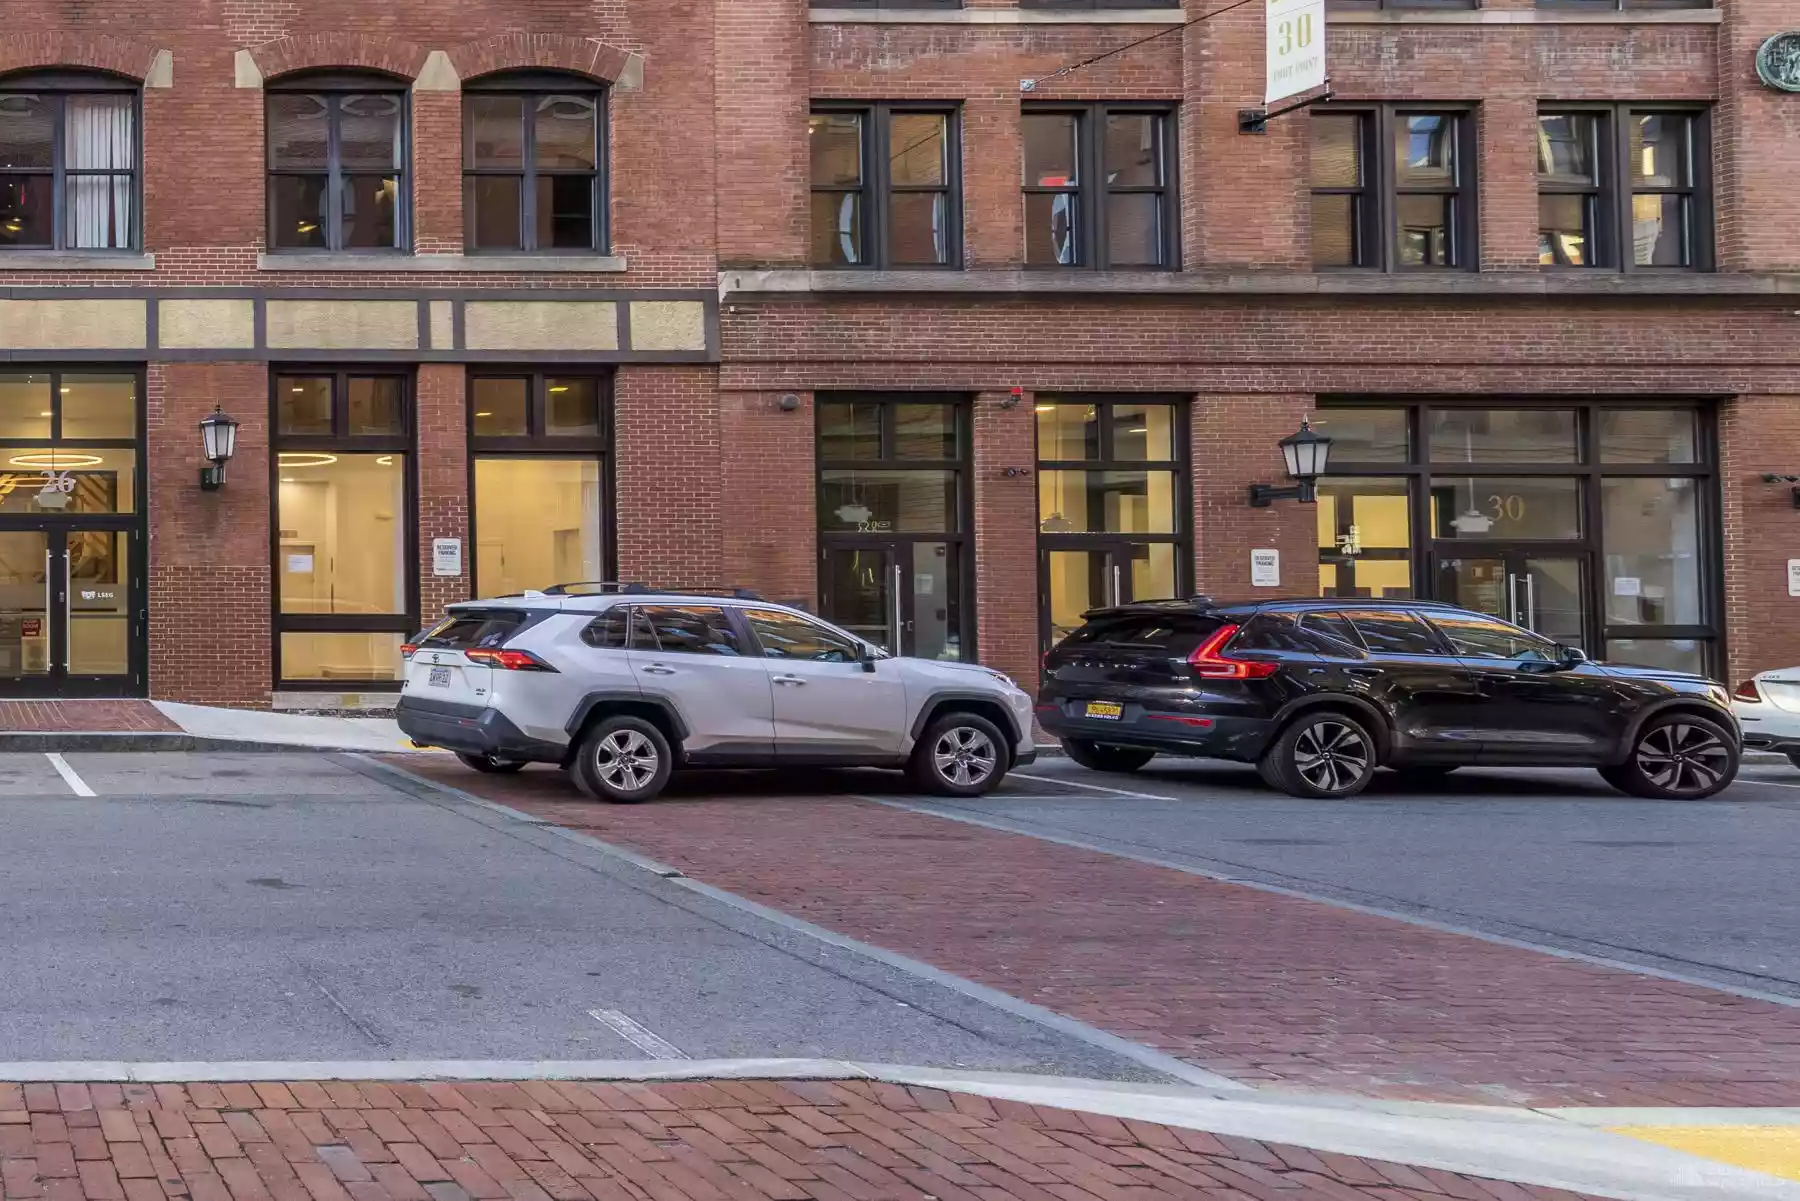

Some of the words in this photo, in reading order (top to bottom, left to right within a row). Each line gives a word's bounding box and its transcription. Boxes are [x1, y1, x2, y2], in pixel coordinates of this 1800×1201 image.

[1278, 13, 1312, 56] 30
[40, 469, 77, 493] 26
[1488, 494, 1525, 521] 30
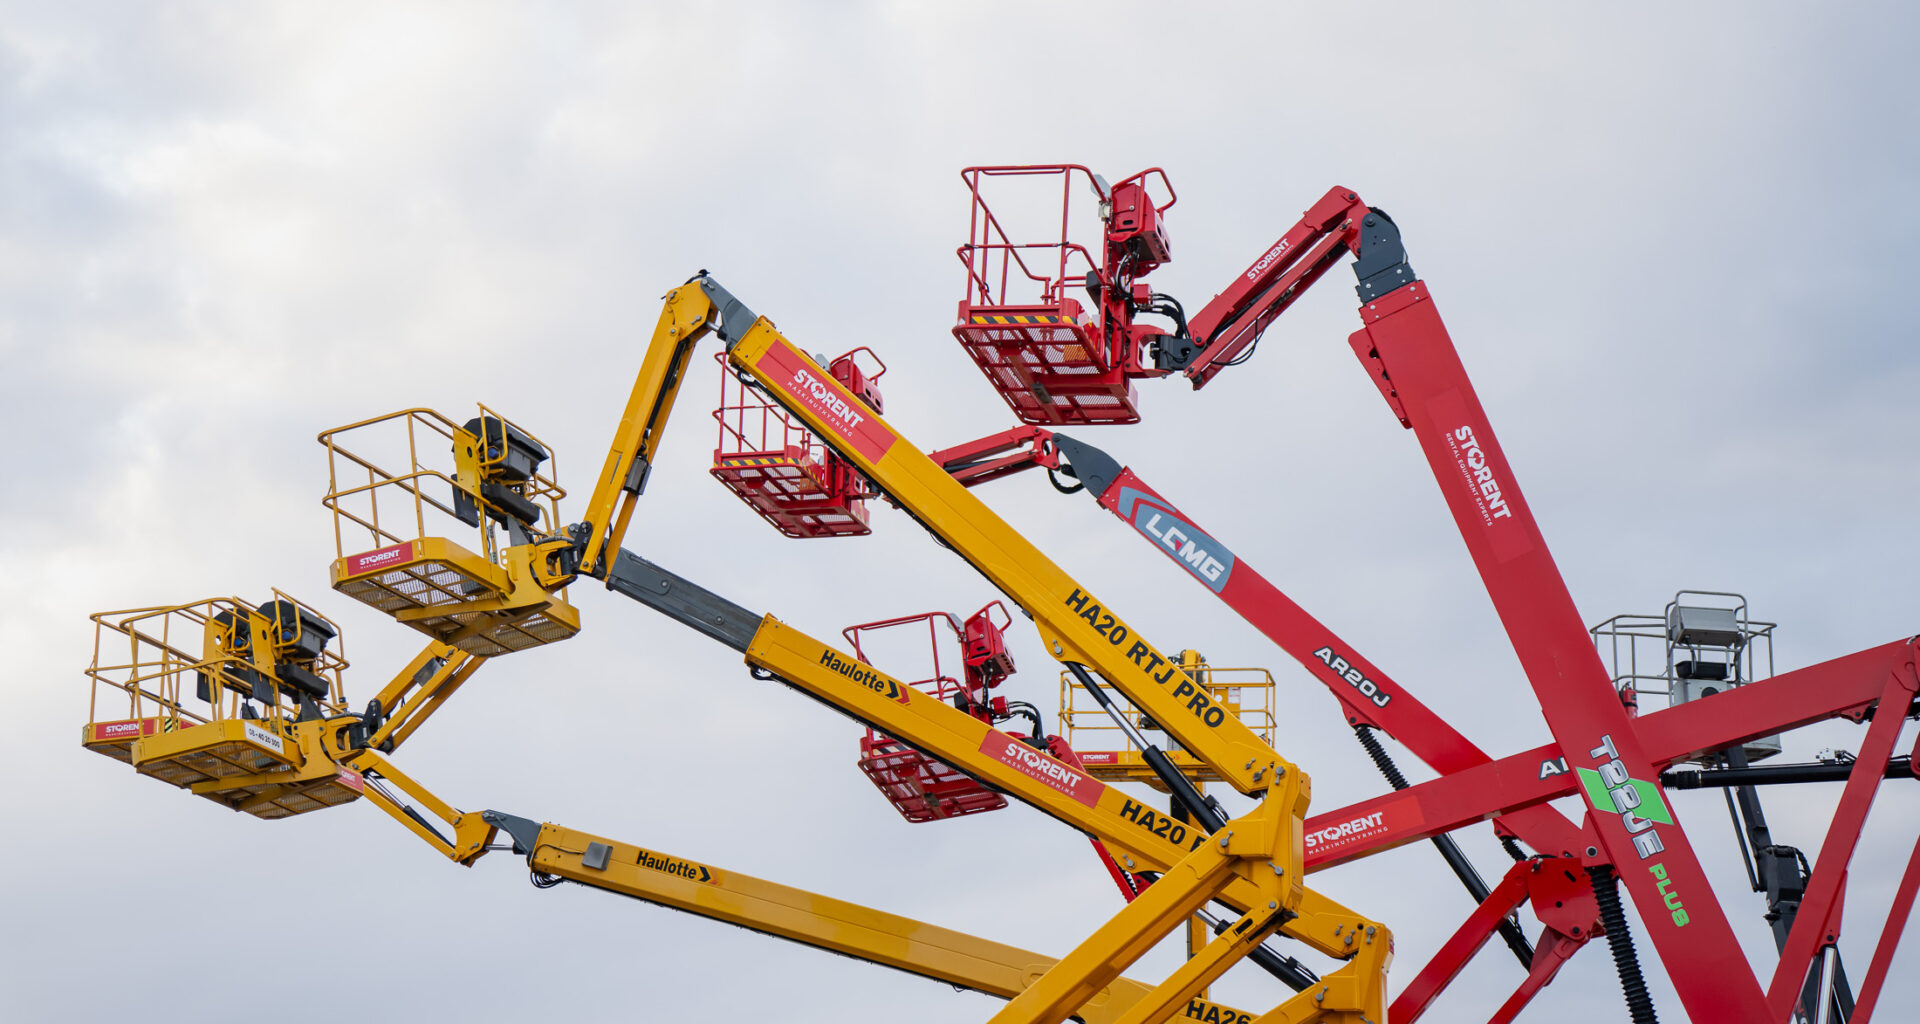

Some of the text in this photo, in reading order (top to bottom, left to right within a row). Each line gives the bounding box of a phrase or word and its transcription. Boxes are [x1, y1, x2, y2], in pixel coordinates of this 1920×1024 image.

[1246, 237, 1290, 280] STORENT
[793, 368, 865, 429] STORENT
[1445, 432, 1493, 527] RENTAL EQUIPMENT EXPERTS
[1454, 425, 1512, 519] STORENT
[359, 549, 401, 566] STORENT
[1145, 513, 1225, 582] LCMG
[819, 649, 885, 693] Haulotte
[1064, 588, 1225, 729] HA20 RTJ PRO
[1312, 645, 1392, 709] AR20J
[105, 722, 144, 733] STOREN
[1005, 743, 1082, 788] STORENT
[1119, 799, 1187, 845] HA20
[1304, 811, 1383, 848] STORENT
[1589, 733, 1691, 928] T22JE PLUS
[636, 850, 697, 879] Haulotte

┄┄┄┄┄┄

TRY IT =
Repeat the material verbatim but without any of its pictures.

RESULT OF THE TASK =
Some of the words in this photo, in reading order (top to bottom, left to right within a row). Each line gives a word's bounding box and its transcription. Boxes are [x1, y1, x2, y2], in pixel coordinates of this 1800×1201 image.

[1278, 13, 1312, 56] 30
[40, 469, 77, 493] 26
[1488, 494, 1525, 521] 30

Some of the text in this photo, in reading order (top to bottom, left to right within a row). Each line gives the bounding box of a phrase or word and its transcription. Boxes are [x1, y1, x2, y2], in pixel coordinates of this 1920×1024 image.

[1246, 237, 1290, 280] STORENT
[793, 368, 865, 429] STORENT
[1445, 432, 1493, 527] RENTAL EQUIPMENT EXPERTS
[1454, 425, 1512, 519] STORENT
[359, 549, 401, 566] STORENT
[1145, 513, 1225, 582] LCMG
[819, 649, 885, 693] Haulotte
[1064, 588, 1225, 729] HA20 RTJ PRO
[1312, 645, 1392, 709] AR20J
[105, 722, 144, 733] STOREN
[1005, 743, 1082, 788] STORENT
[1119, 799, 1187, 845] HA20
[1304, 811, 1383, 848] STORENT
[1589, 733, 1691, 928] T22JE PLUS
[636, 850, 697, 879] Haulotte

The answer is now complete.